Today, Zeidenfeld is a DraftKings “pro,” meaning he is so good at DFS that he is paid to endorse the company. Still, he doesn’t actually consider himself a professional. “I don’t know how to classify myself,” he says. “There are people who do this for a living, that pay their bills with DFS, and there are people that play as hobbyists. I am a very involved hobbyist. I play for high stakes, I play at the highest levels, I play for the biggest tournaments.” Zeidenfeld’s single biggest score was the $350,000 he won in 2013 for placing second in a football tournament, but he says he’s equally good at baseball and basketball. When it comes to golf, hockey, NASCAR and mixed martial arts, he consults with experts in those sports for advice.

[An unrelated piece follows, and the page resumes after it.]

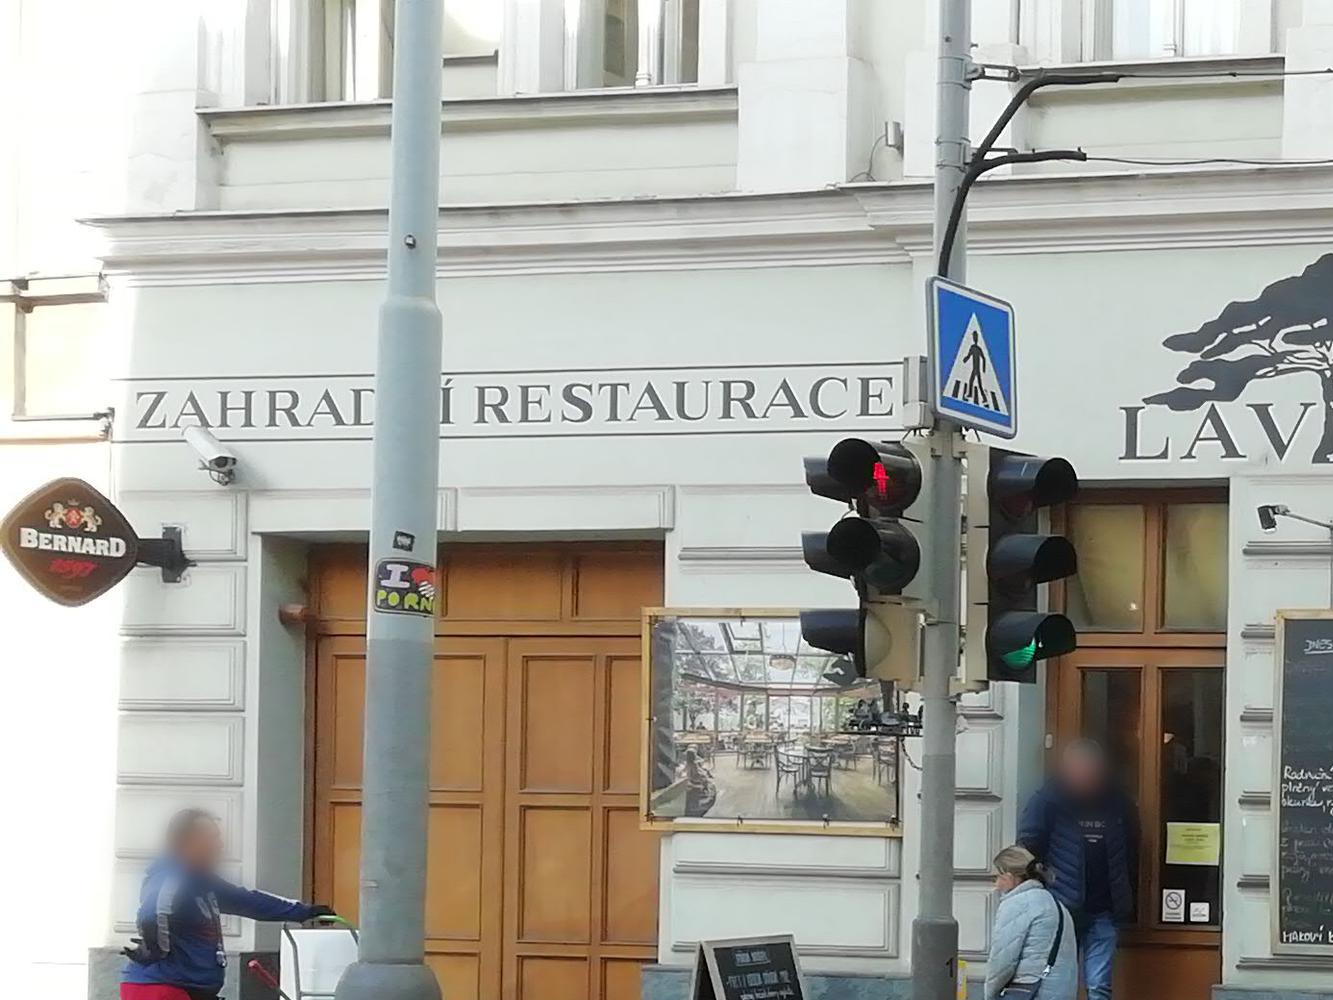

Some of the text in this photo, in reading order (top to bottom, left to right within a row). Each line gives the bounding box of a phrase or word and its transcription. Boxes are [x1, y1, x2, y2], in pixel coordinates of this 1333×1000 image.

Peter Jennings is a 30-year-old former stockbroker from Colorado who became obsessed with DFS a few years back. “I was bringing my iPad in to work to do daily fantasy lineups on my breaks,” Jennings recalls. Finally, convinced he could support himself playing DFS, Jennings “took a plunge.” He quit his job to focus on fantasy sports full time. Weeks later, he’d already won almost $150,000. Last year, he banked $1 million in the DraftKings Fantasy Baseball Championship. Though he dabbles in the nine-to-five as a consultant, “by far,” he says, “the majority of my income comes from playing.”

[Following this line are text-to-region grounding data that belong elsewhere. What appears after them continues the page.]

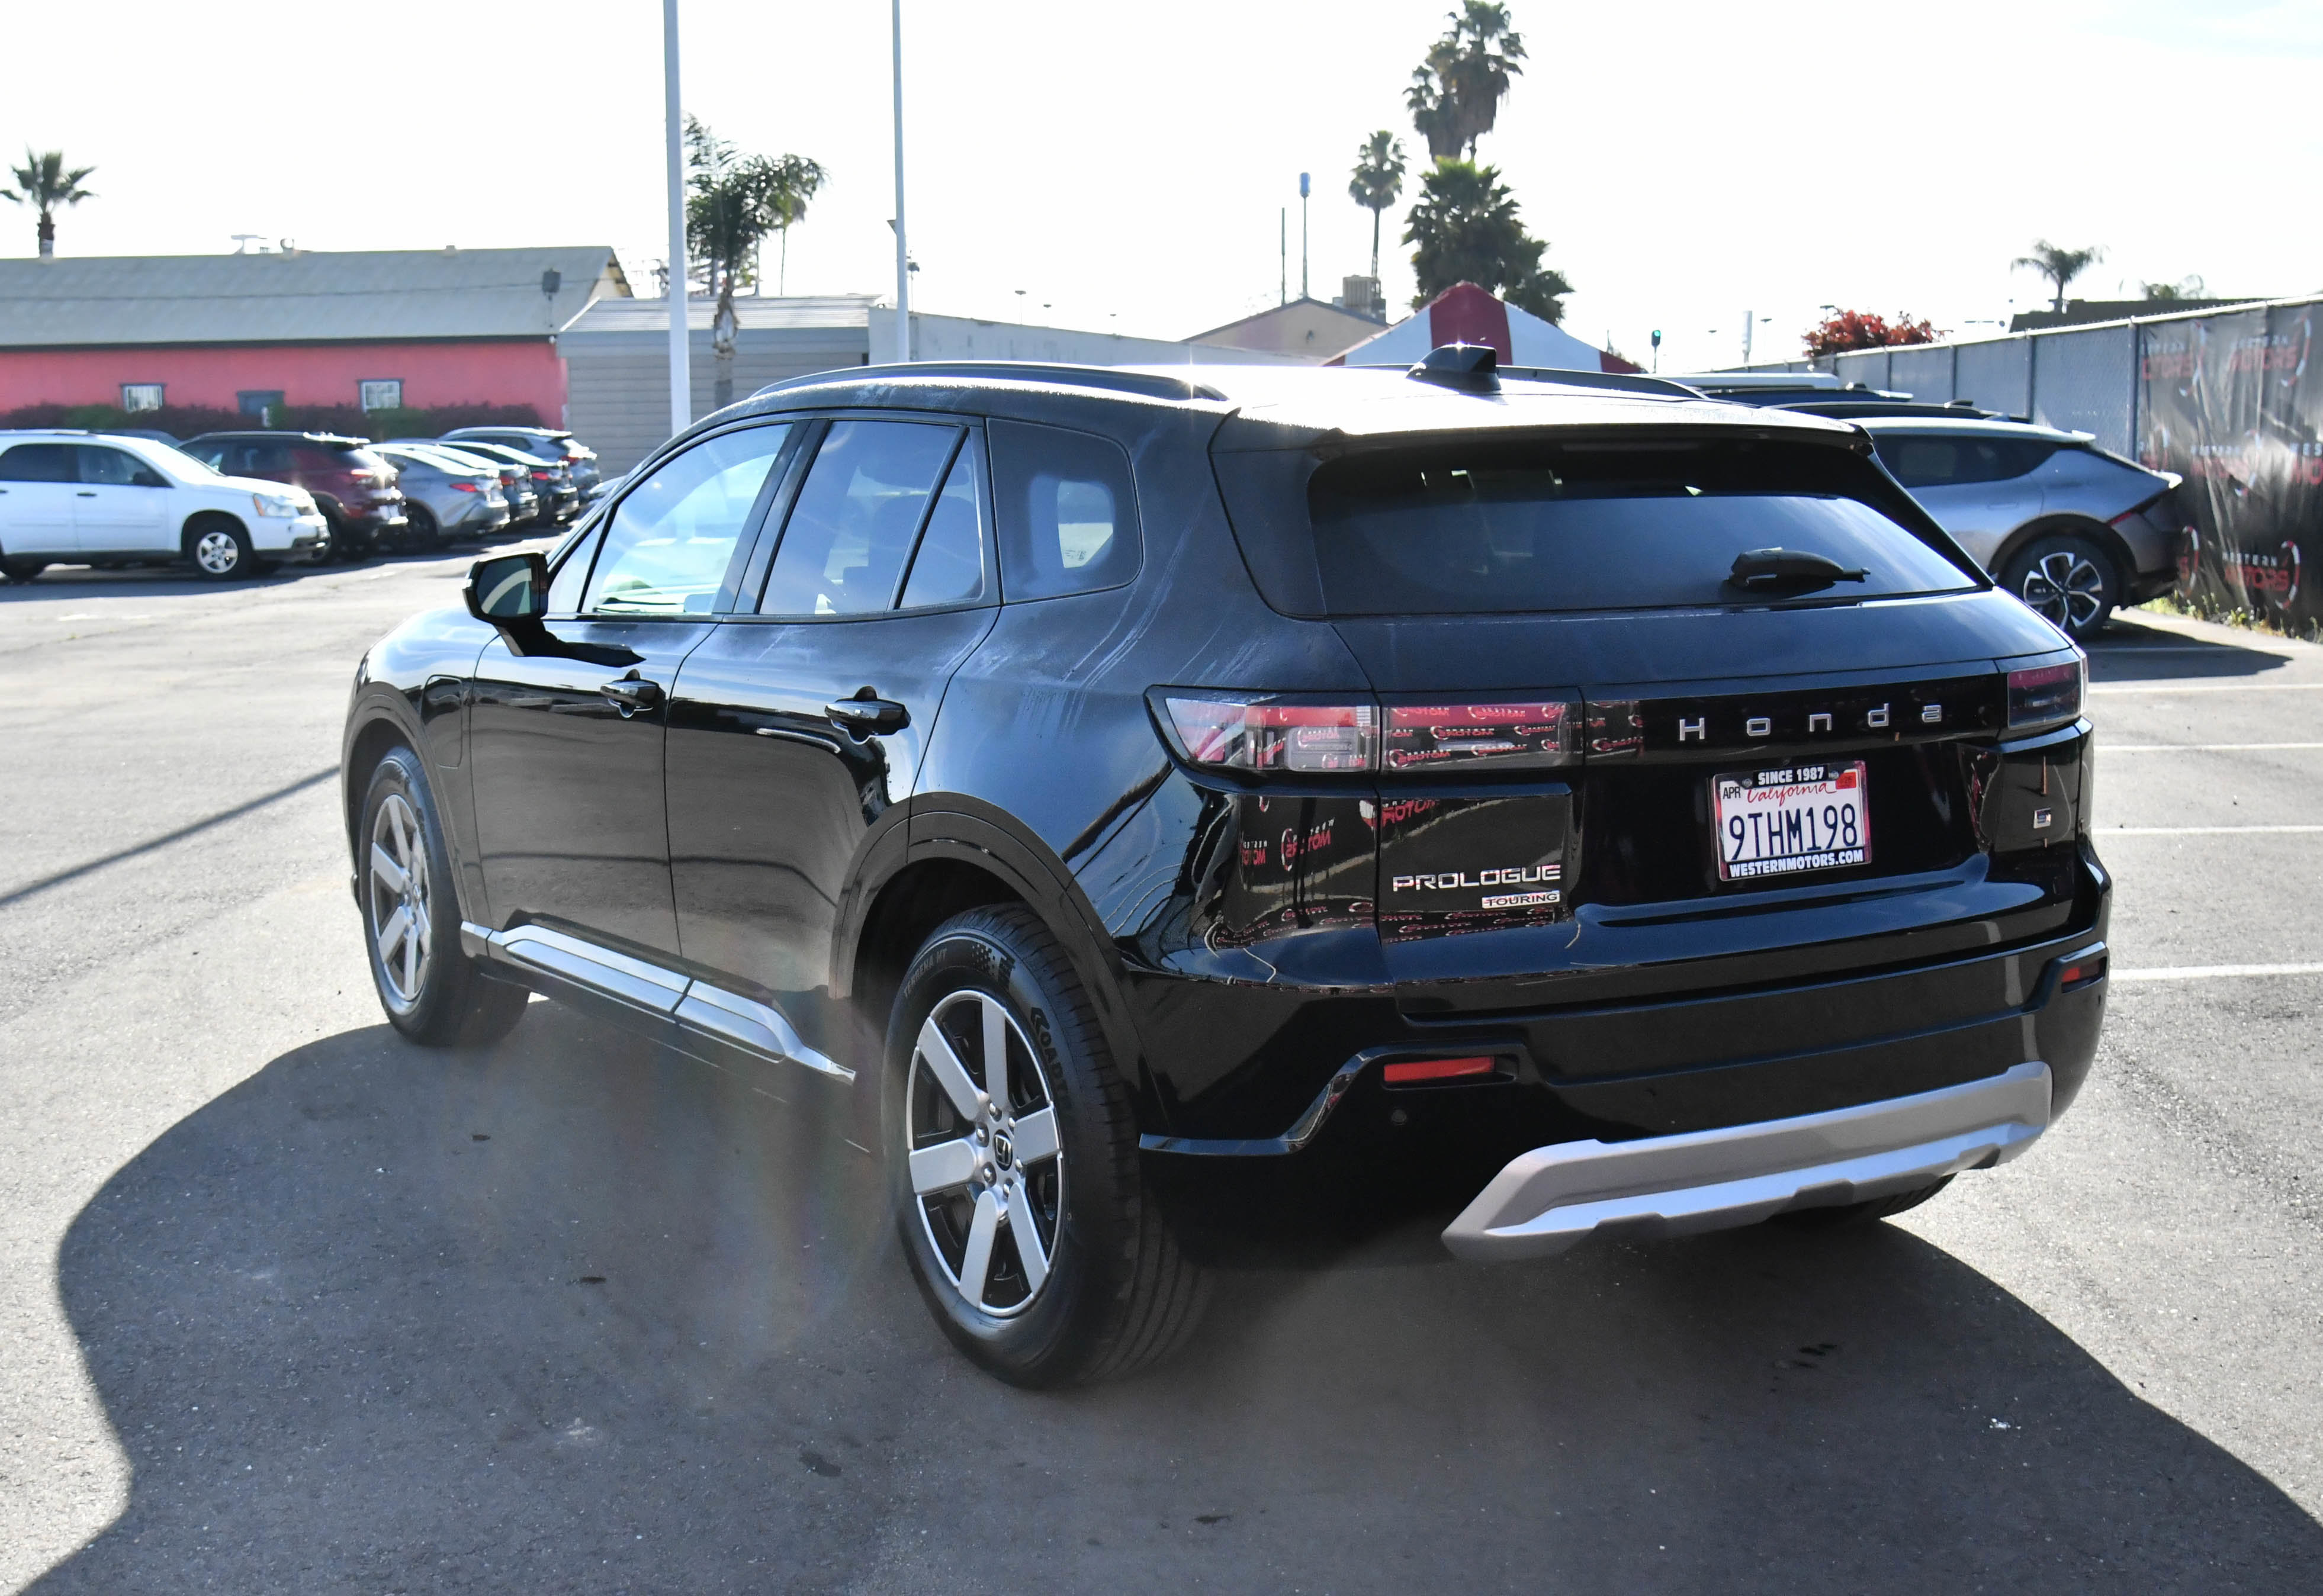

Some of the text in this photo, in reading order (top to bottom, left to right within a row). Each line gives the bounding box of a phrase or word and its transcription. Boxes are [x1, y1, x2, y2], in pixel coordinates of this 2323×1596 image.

[1757, 767, 1824, 786] SINCE 1987
[1723, 786, 1741, 799] APR
[1747, 782, 1837, 807] California
[1729, 803, 1858, 861] 9THM198
[1729, 849, 1863, 877] WESTERNMOTORS.COM
[1393, 865, 1561, 892] PROLOGUE
[1487, 893, 1558, 906] TOURING

During the busier fall and winter months—when the NBA, NHL, NFL and college ball are happening—Jennings spends most of his day on the computer. “I’m basically crunching numbers and doing models,” he says. Once games start in the evening, he sits back and watches them on the four televisions he has mounted on his living room walls. In between plays, he scans his computer monitors in preparation for the next day.

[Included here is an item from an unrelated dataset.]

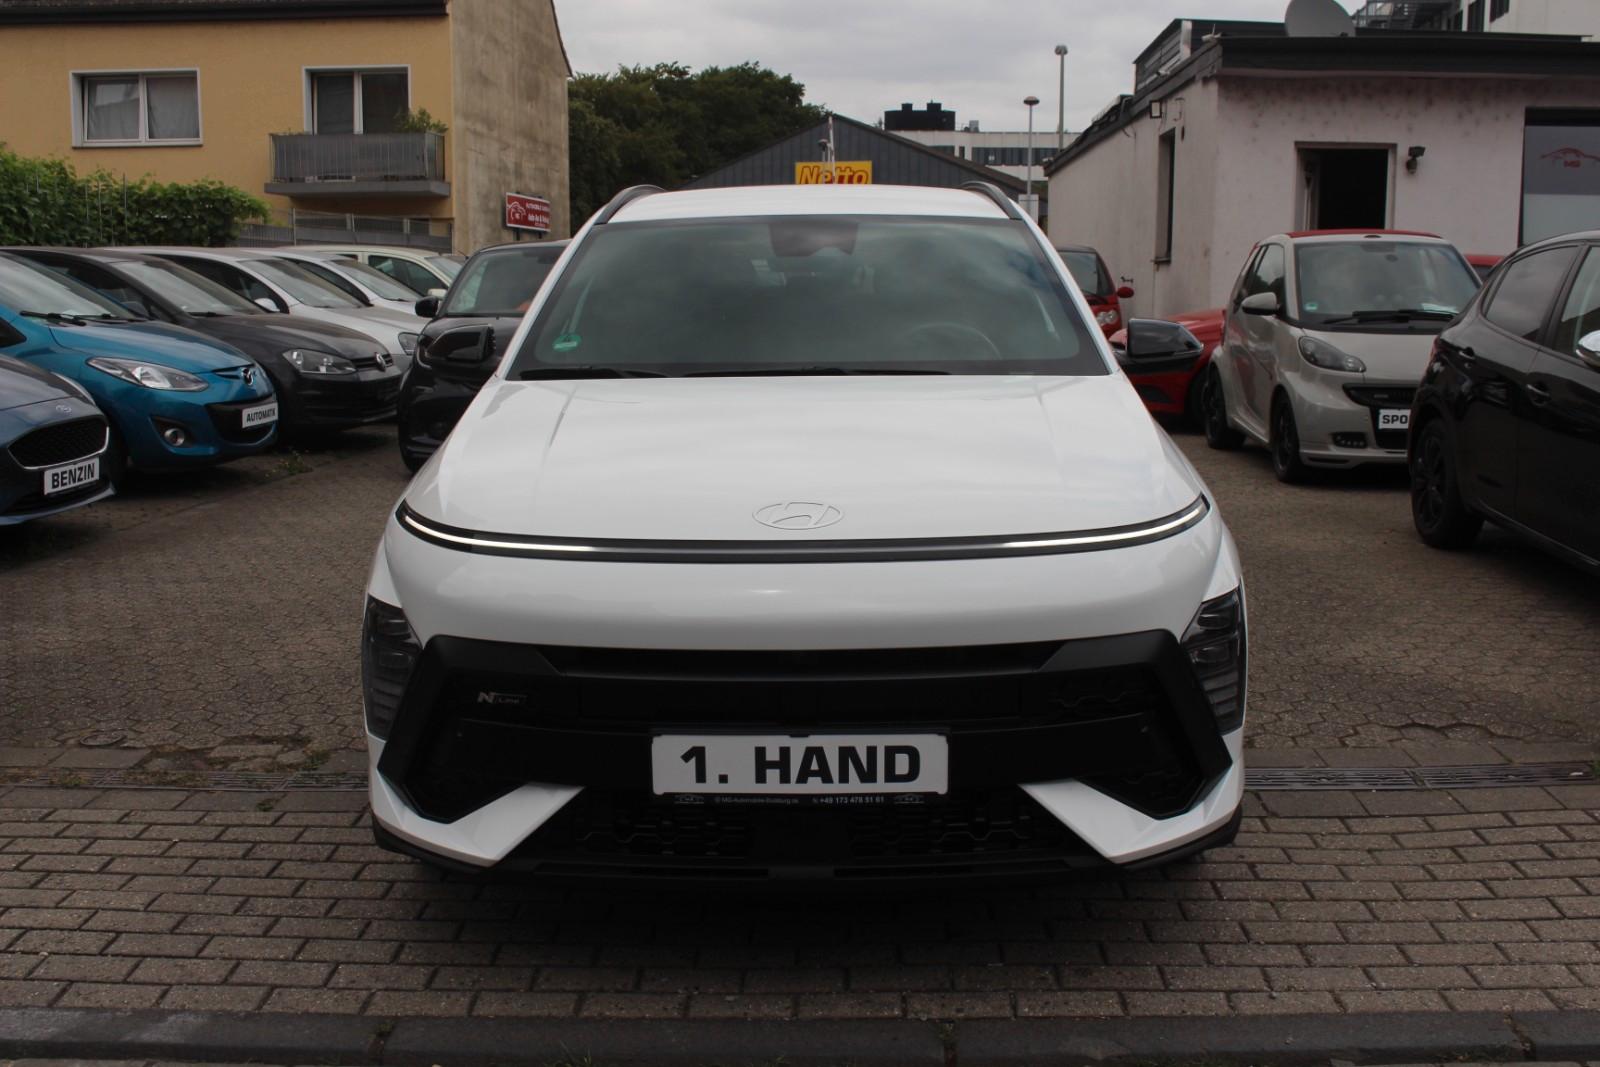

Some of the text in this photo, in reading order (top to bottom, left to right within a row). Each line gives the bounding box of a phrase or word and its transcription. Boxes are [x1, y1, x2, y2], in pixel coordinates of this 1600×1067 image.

Daily fantasy sports are legal in 45 states because of what is either, depending on how you look at it, a quirk in the Unlawful Internet Gaming Enforcement Act, or a gift to the professional sports leagues thanks to lobbying by … the professional sports leagues. The UIGEA, as it’s known, was passed in 2006 to prevent gambling sites from accepting bets over the Internet. The law went largely unenforced for years, and millions of Americans played poker and bet on sports at offshore-based sites. Then, in 2011, the U.S. government instituted a mass crackdown. Several sites were shut down, and to this day, poker pros and other professional gamblers have to live outside the country if they want to play online. But UIGEA includes a specific exemption for fantasy sports.
Reps from both FanDuel and DraftKings insist that DFS is not a form of gambling. “DFS is very much a game of skill,” a DraftKings spokeswoman told me. But the same can be said of poker and horse racing. Of course, it’s easy to understand why those with a stake in DFS might be touchy. The UIGEA exemption rests on fantasy sports being distinct from gambling, and that notion also allows the leagues to keep an arm’s-length distance between sports and gambling while still generating all the additional interest and television ratings.
Sentef, for one, insists he’s mostly in it for the fun, that DFS has allowed him to channel his competitiveness into a new form of entertainment. The chance to make a few bucks along the way? Well, that doesn’t hurt. As Adam Goulet, a mortgage broker from Charlotte who’s won millions playing in baseball and basketball tournaments, says, “At first my fiancée hated it, with me sitting there refreshing my phone constantly, but she’s come to accept it.” After all, “It kind of changed everything on the honeymoon front.”